ASSIGNMENT> Transcribe the full listing below, word for word, without pictures.

EXERCISE INPUTS>
· · ·

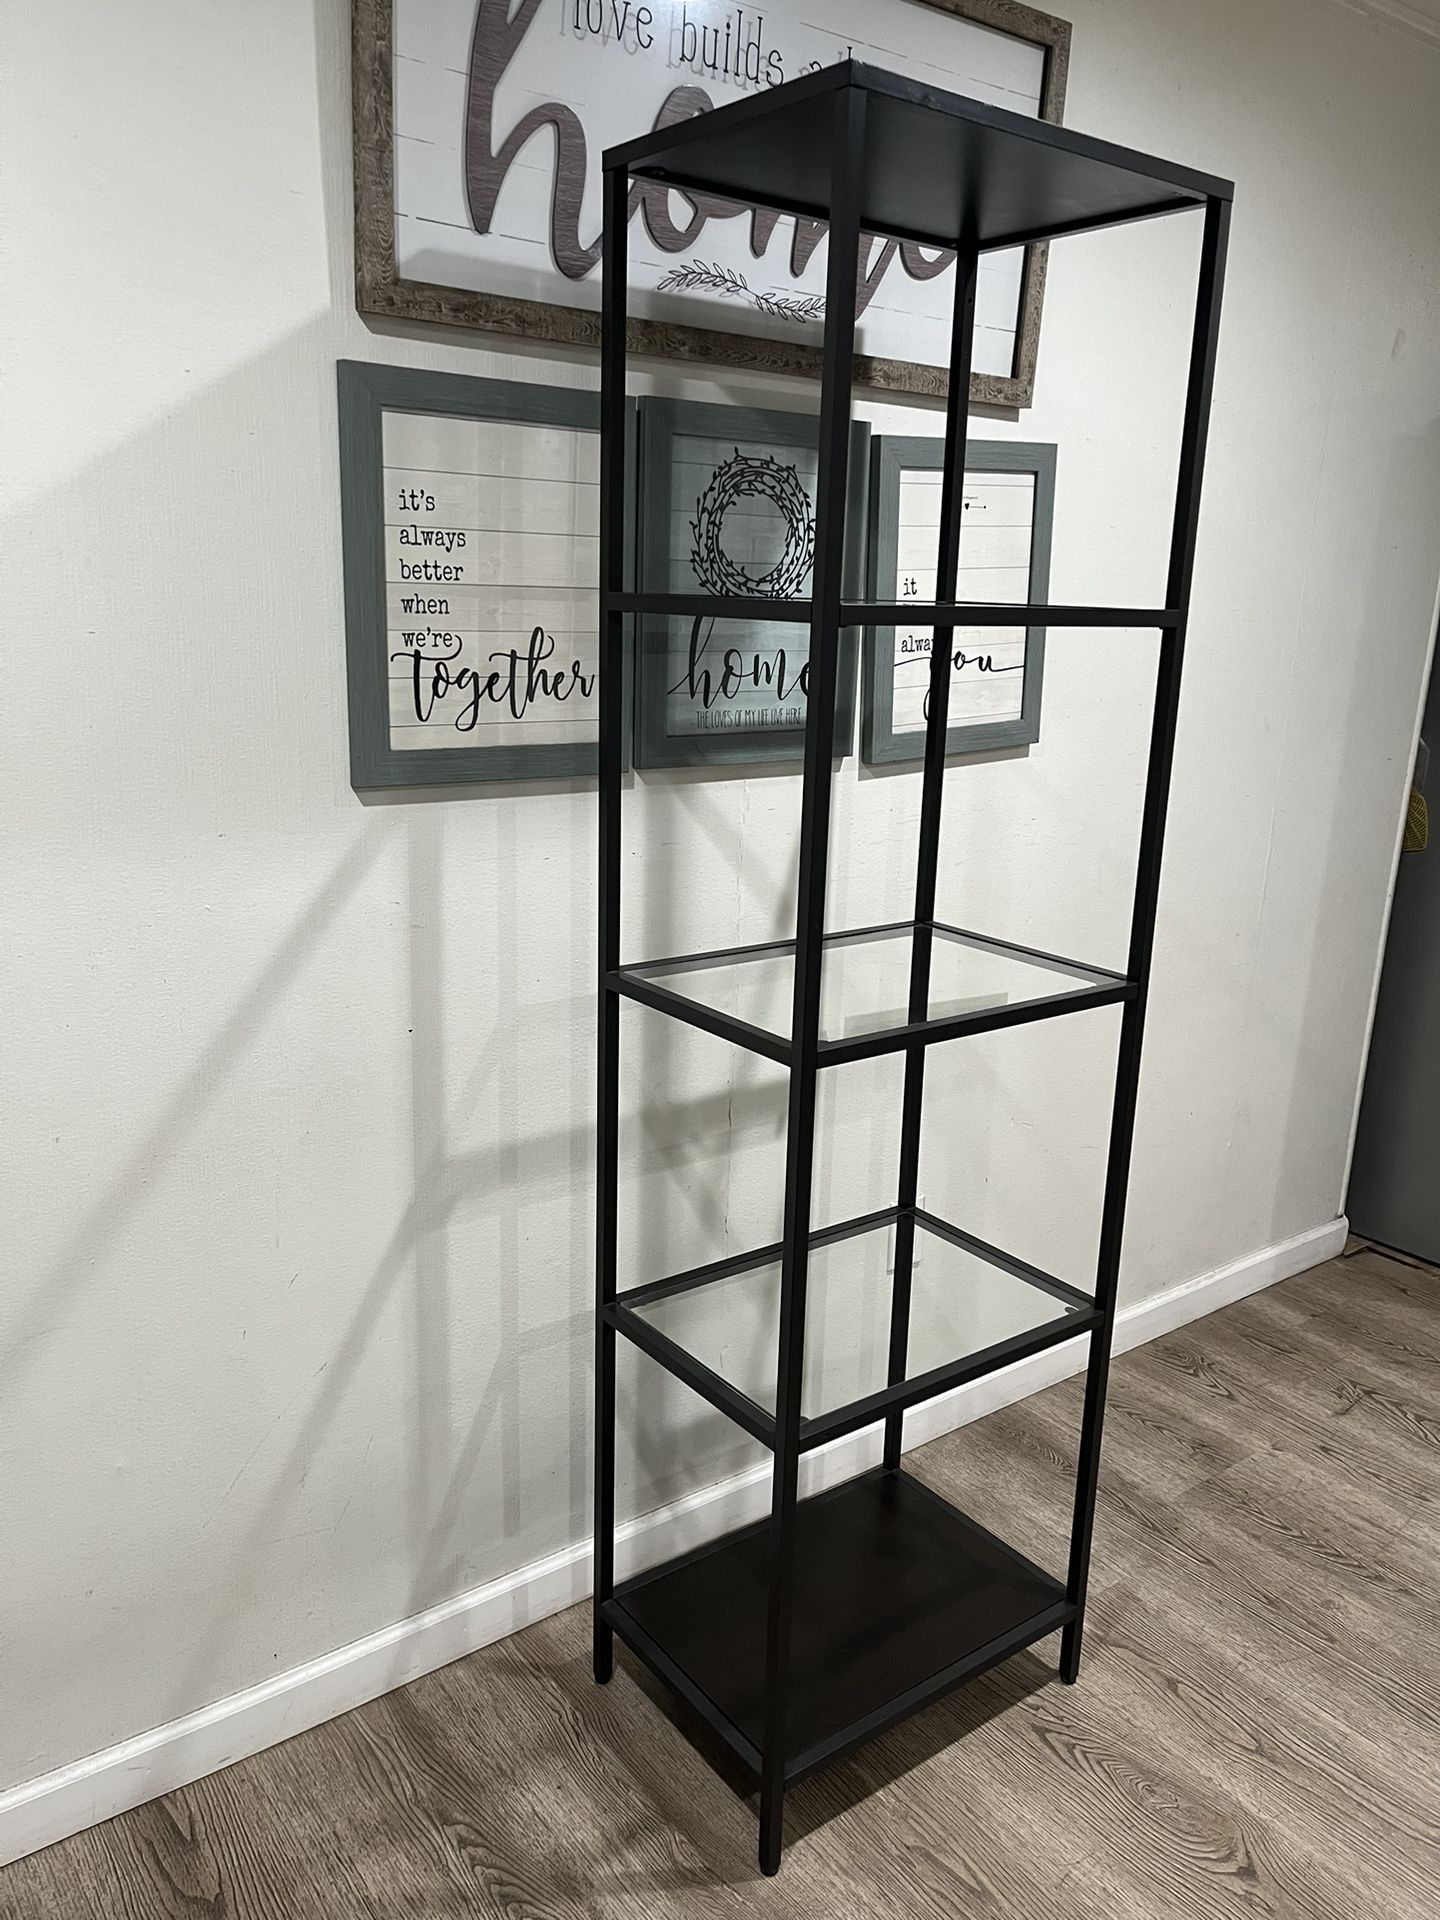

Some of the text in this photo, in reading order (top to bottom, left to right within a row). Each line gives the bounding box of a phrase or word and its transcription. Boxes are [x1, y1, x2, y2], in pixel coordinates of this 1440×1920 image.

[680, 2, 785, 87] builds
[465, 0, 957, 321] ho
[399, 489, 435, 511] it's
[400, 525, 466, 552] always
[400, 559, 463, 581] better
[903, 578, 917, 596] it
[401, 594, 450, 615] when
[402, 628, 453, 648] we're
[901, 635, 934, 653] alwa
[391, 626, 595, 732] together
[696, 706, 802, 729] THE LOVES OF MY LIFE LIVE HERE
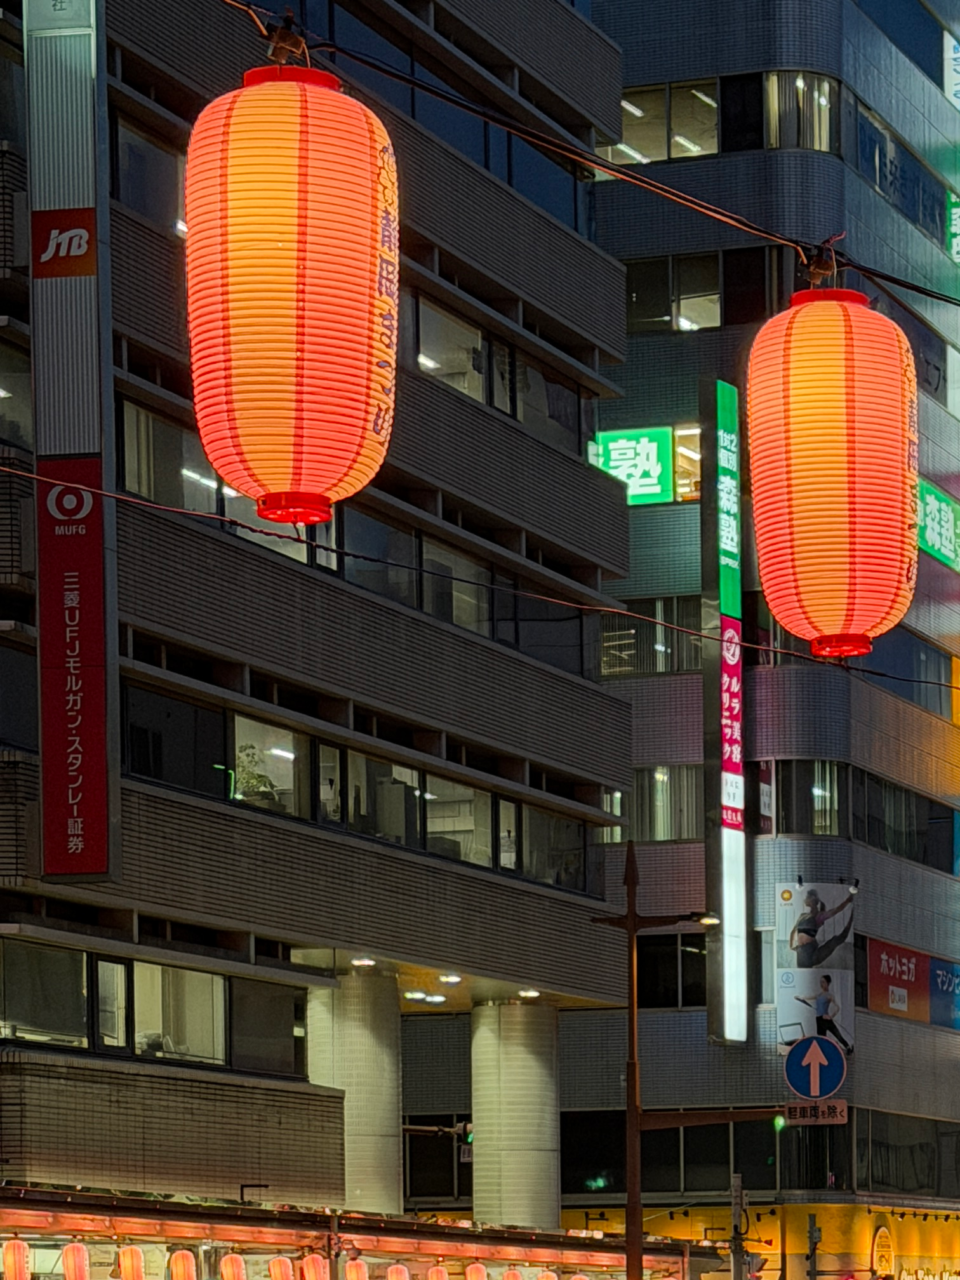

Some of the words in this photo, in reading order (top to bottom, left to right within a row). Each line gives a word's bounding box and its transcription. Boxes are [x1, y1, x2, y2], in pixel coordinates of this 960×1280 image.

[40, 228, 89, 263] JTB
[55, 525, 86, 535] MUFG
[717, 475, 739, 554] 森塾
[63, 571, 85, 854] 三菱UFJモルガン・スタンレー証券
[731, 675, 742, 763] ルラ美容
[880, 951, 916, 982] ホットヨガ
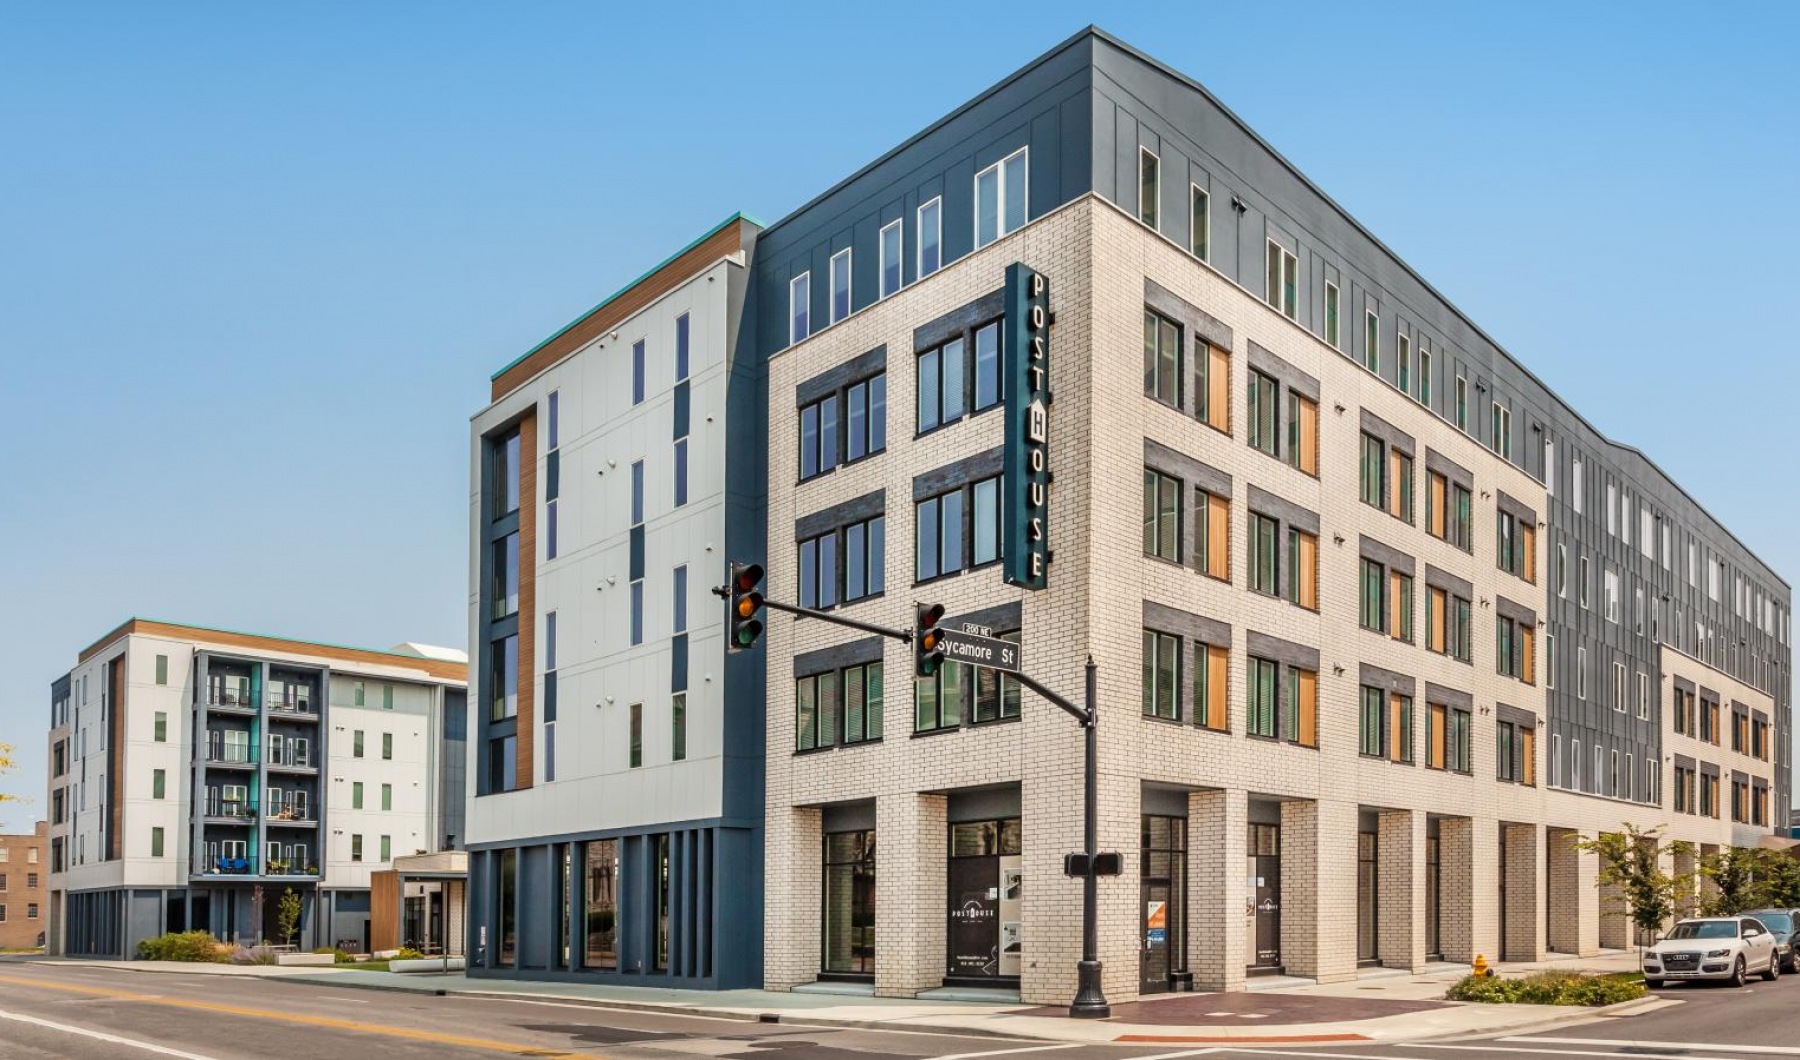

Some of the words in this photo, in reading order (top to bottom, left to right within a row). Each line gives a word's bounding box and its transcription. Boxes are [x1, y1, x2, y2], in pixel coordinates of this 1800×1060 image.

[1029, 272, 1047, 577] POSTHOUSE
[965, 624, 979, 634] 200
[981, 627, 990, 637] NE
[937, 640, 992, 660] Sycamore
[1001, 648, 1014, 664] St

· · ·

SOLUTION FOR THIS EXERCISE>
Some of the text in this photo, in reading order (top to bottom, left to right within a row). Each line gives the bounding box of a phrase or word and its transcription. Boxes are [x1, y1, x2, y2], in pixel coordinates of this 1440×1920 image.

[680, 2, 785, 87] builds
[465, 0, 957, 321] ho
[399, 489, 435, 511] it's
[400, 525, 466, 552] always
[400, 559, 463, 581] better
[903, 578, 917, 596] it
[401, 594, 450, 615] when
[402, 628, 453, 648] we're
[901, 635, 934, 653] alwa
[391, 626, 595, 732] together
[696, 706, 802, 729] THE LOVES OF MY LIFE LIVE HERE

Some of the words in this photo, in reading order (top to bottom, left to right within a row). Each line gives a word's bounding box and its transcription. Boxes are [x1, y1, x2, y2], in pixel coordinates of this 960×1280 image.

[40, 228, 89, 263] JTB
[55, 525, 86, 535] MUFG
[717, 475, 739, 554] 森塾
[63, 571, 85, 854] 三菱UFJモルガン・スタンレー証券
[731, 675, 742, 763] ルラ美容
[880, 951, 916, 982] ホットヨガ

Some of the words in this photo, in reading order (top to bottom, left to right within a row). Each line gives a word's bounding box and its transcription. Boxes are [x1, y1, x2, y2], in pixel coordinates of this 1800×1060 image.

[1029, 272, 1047, 577] POSTHOUSE
[965, 624, 979, 634] 200
[981, 627, 990, 637] NE
[937, 640, 992, 660] Sycamore
[1001, 648, 1014, 664] St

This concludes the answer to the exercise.